The 'pyro-phototronic effect' plays a nontrivial role in advancing ferroelectric (FE) devices of light detectors, light-emitting diodes, and other smart technologies. In this work, a premier FE copolymer, poly(vinylidene fluoride-co-trifluoro ethylene) (P(VDF-TrFE)), is reinforced with a lead-free double perovskite, Cs₂SnI₆, to render profound properties in a hybrid nanostructure. It presents a unique example of the coupling of ferro-, pyro- and piezo-electrics to the 'photoexcitation' of exotic charges that actively empower the synergetic features.
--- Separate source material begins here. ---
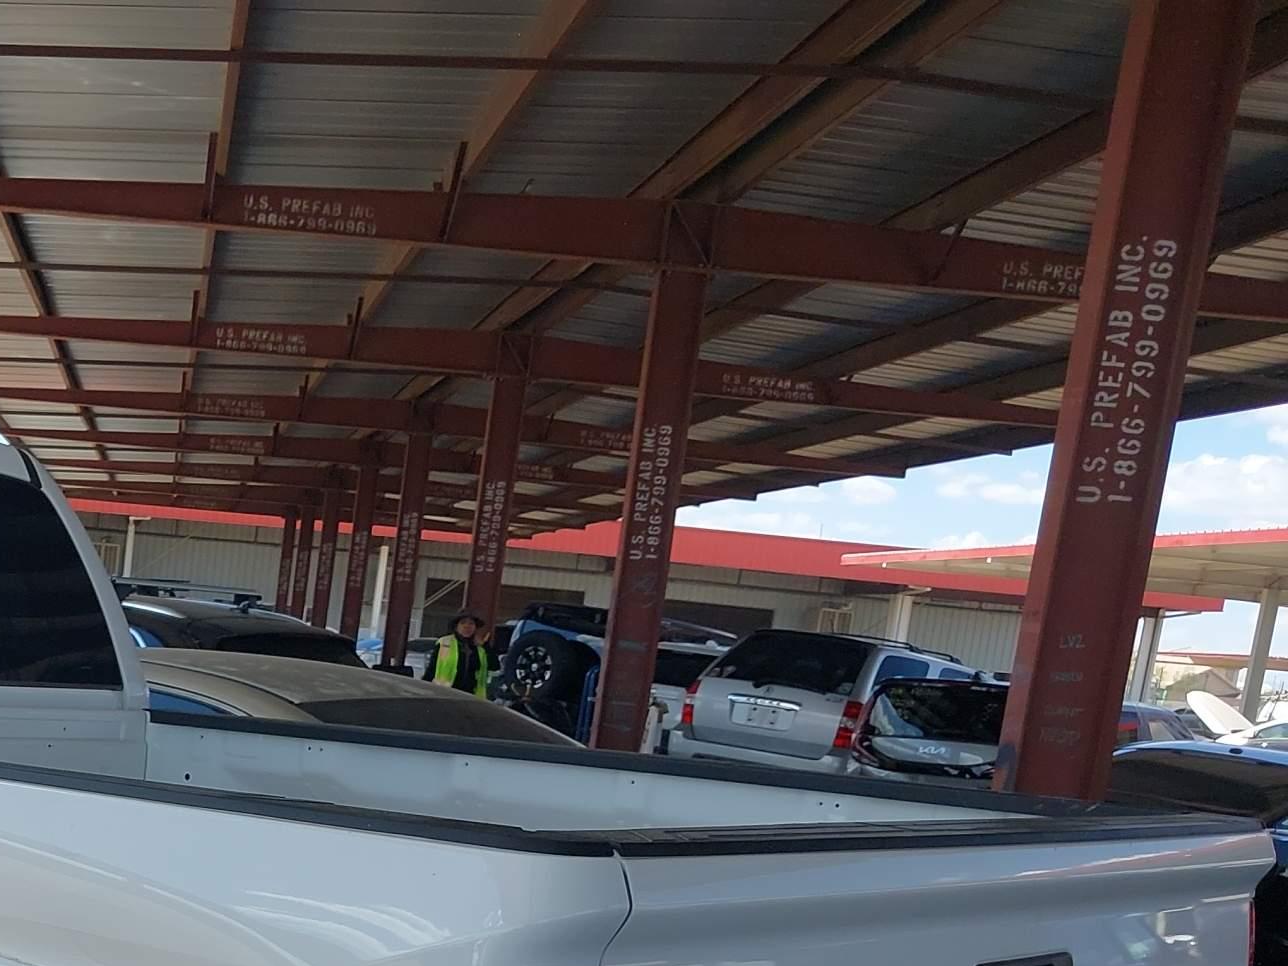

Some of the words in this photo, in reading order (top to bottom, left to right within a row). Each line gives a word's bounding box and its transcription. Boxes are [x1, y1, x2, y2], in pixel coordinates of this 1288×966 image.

Cs₂SnI₆ embodied in small crystallites therein is distorted in a non-centrosymmetric class of a rhomboid crystal structure (a new phase) rather than a well-known centrosymmetric face-centred cubic (fcc) phase. It boosts the emerging phototronic properties. A systematic study of the bulk heterojunction reveals the four-stage pyro-phototronic response of transient photocurrent under visible light illumination of a solar simulator (intensity ∼100 mW cm^-2). Illumination at a frequency of 0.025 Hz induces a temporal temperature change, ΔT → 3.1 K, in the system, leading to induced pyroelectricity in an integrated circuit. The rise time and response time for the heterojunction are observed as ∼326 ms and ∼225 ms, respectively. The output pyro-phototronic current increases as ΔT increases in an on-off cycle. As a result, the integrated pyro-phototronic effect can be utilized to empower optoelectronic devices and harvest stray 'thermal energy' for running small energy devices.